━━ INPUT DATA

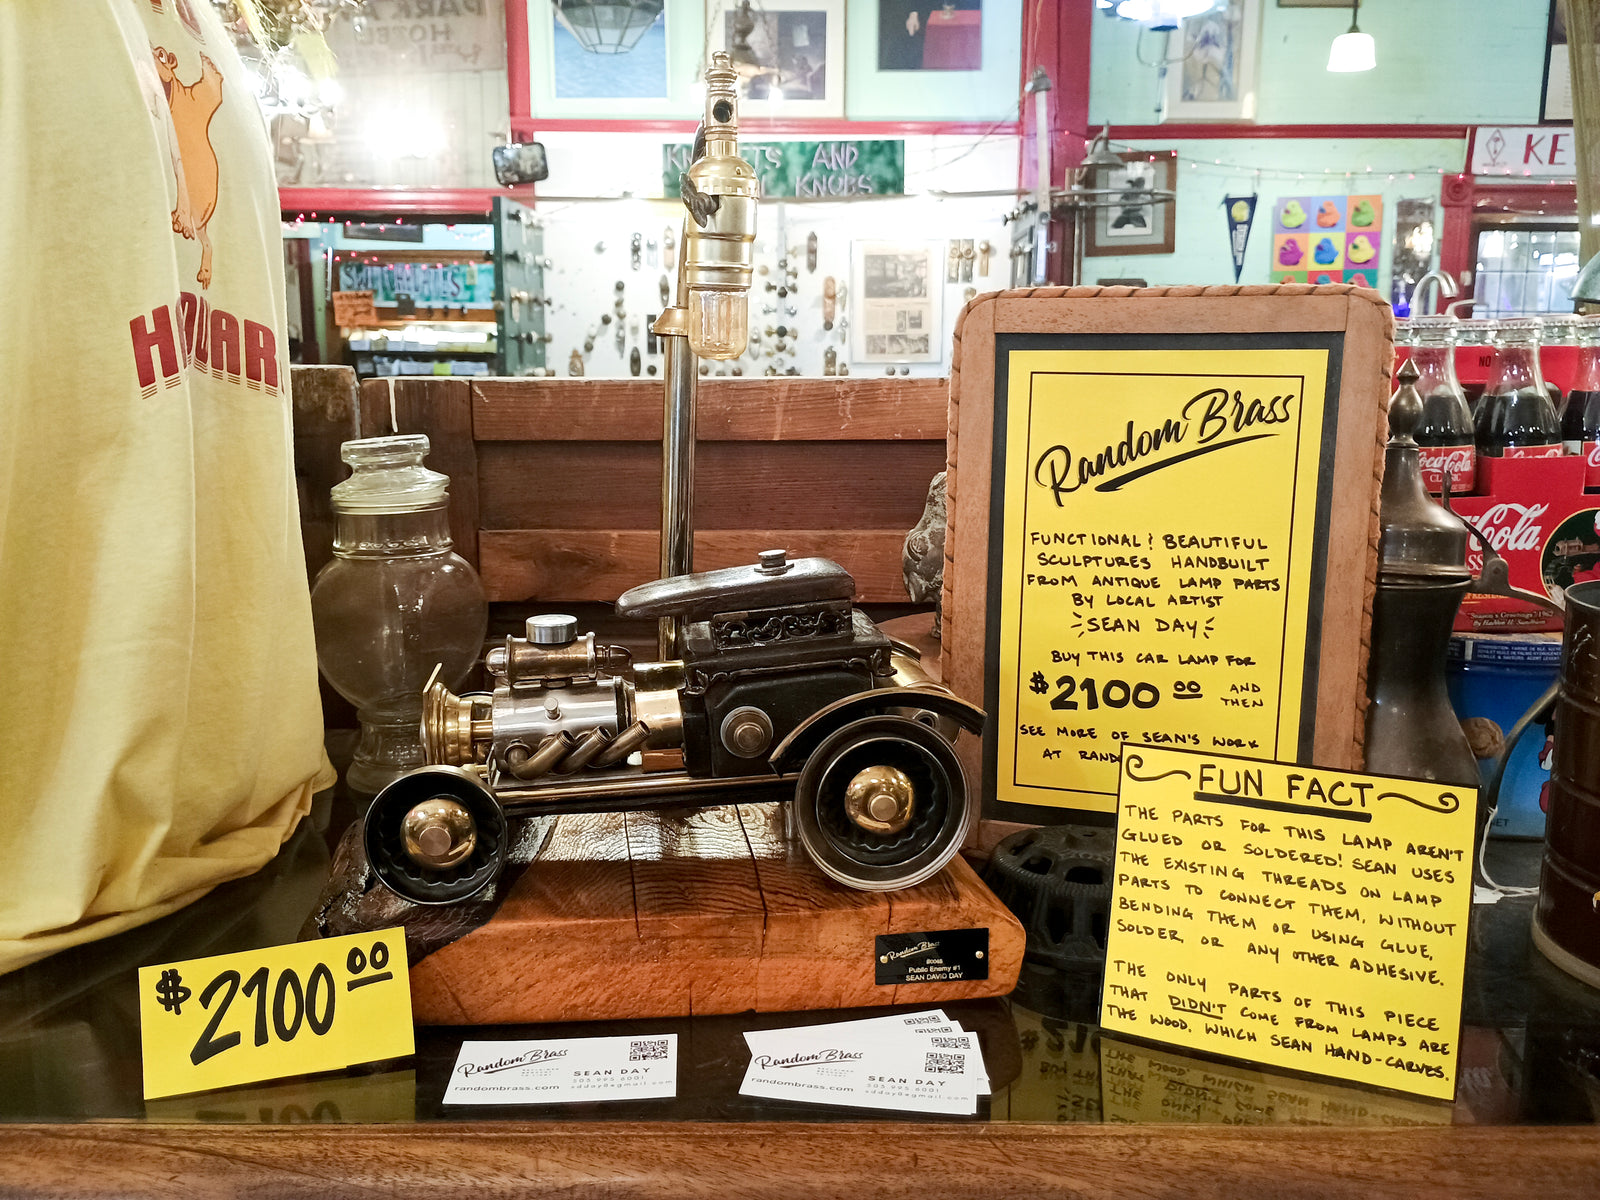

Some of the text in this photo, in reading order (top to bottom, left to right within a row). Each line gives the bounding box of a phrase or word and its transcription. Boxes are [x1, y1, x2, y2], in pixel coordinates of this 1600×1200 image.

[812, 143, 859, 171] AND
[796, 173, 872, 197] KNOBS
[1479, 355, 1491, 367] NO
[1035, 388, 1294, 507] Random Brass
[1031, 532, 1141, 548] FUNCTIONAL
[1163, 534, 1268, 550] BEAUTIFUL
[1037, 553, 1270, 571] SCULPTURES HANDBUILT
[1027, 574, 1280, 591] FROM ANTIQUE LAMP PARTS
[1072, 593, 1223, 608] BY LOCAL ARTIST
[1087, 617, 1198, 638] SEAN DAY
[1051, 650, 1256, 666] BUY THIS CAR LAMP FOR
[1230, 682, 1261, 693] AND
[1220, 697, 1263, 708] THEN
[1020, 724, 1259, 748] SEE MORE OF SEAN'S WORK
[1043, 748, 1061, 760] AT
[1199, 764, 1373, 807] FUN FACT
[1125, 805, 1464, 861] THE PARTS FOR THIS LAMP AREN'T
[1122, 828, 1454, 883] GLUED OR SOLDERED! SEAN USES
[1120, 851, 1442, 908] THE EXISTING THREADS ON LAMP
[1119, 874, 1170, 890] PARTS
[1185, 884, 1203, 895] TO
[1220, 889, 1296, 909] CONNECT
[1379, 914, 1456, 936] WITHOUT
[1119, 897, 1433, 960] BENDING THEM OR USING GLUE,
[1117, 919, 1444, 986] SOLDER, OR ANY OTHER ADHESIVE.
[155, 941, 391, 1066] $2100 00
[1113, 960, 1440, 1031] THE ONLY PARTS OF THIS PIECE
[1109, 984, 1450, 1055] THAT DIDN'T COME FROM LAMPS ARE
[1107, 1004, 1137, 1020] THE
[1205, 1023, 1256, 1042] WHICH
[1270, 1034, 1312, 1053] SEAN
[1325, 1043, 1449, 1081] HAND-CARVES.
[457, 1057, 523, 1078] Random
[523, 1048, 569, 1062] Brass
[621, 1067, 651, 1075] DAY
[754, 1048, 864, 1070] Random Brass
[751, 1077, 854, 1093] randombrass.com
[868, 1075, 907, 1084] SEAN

━━━━

§ AIM OF THE EXERCISE: Please repeat the records above exactly, omitting any pictures they contain.

§ TASK SOLUTION:
Some of the text in this photo, in reading order (top to bottom, left to right within a row). Each line gives the bounding box of a phrase or word and its transcription. Boxes are [x1, y1, x2, y2], in pixel coordinates of this 1600×1200 image.

[812, 143, 859, 171] AND
[796, 173, 872, 197] KNOBS
[1479, 355, 1491, 367] NO
[1035, 388, 1294, 507] Random Brass
[1031, 532, 1141, 548] FUNCTIONAL
[1163, 534, 1268, 550] BEAUTIFUL
[1037, 553, 1270, 571] SCULPTURES HANDBUILT
[1027, 574, 1280, 591] FROM ANTIQUE LAMP PARTS
[1072, 593, 1223, 608] BY LOCAL ARTIST
[1087, 617, 1198, 638] SEAN DAY
[1051, 650, 1256, 666] BUY THIS CAR LAMP FOR
[1230, 682, 1261, 693] AND
[1220, 697, 1263, 708] THEN
[1020, 724, 1259, 748] SEE MORE OF SEAN'S WORK
[1043, 748, 1061, 760] AT
[1199, 764, 1373, 807] FUN FACT
[1125, 805, 1464, 861] THE PARTS FOR THIS LAMP AREN'T
[1122, 828, 1454, 883] GLUED OR SOLDERED! SEAN USES
[1120, 851, 1442, 908] THE EXISTING THREADS ON LAMP
[1119, 874, 1170, 890] PARTS
[1185, 884, 1203, 895] TO
[1220, 889, 1296, 909] CONNECT
[1379, 914, 1456, 936] WITHOUT
[1119, 897, 1433, 960] BENDING THEM OR USING GLUE,
[1117, 919, 1444, 986] SOLDER, OR ANY OTHER ADHESIVE.
[155, 941, 391, 1066] $2100 00
[1113, 960, 1440, 1031] THE ONLY PARTS OF THIS PIECE
[1109, 984, 1450, 1055] THAT DIDN'T COME FROM LAMPS ARE
[1107, 1004, 1137, 1020] THE
[1205, 1023, 1256, 1042] WHICH
[1270, 1034, 1312, 1053] SEAN
[1325, 1043, 1449, 1081] HAND-CARVES.
[457, 1057, 523, 1078] Random
[523, 1048, 569, 1062] Brass
[621, 1067, 651, 1075] DAY
[754, 1048, 864, 1070] Random Brass
[751, 1077, 854, 1093] randombrass.com
[868, 1075, 907, 1084] SEAN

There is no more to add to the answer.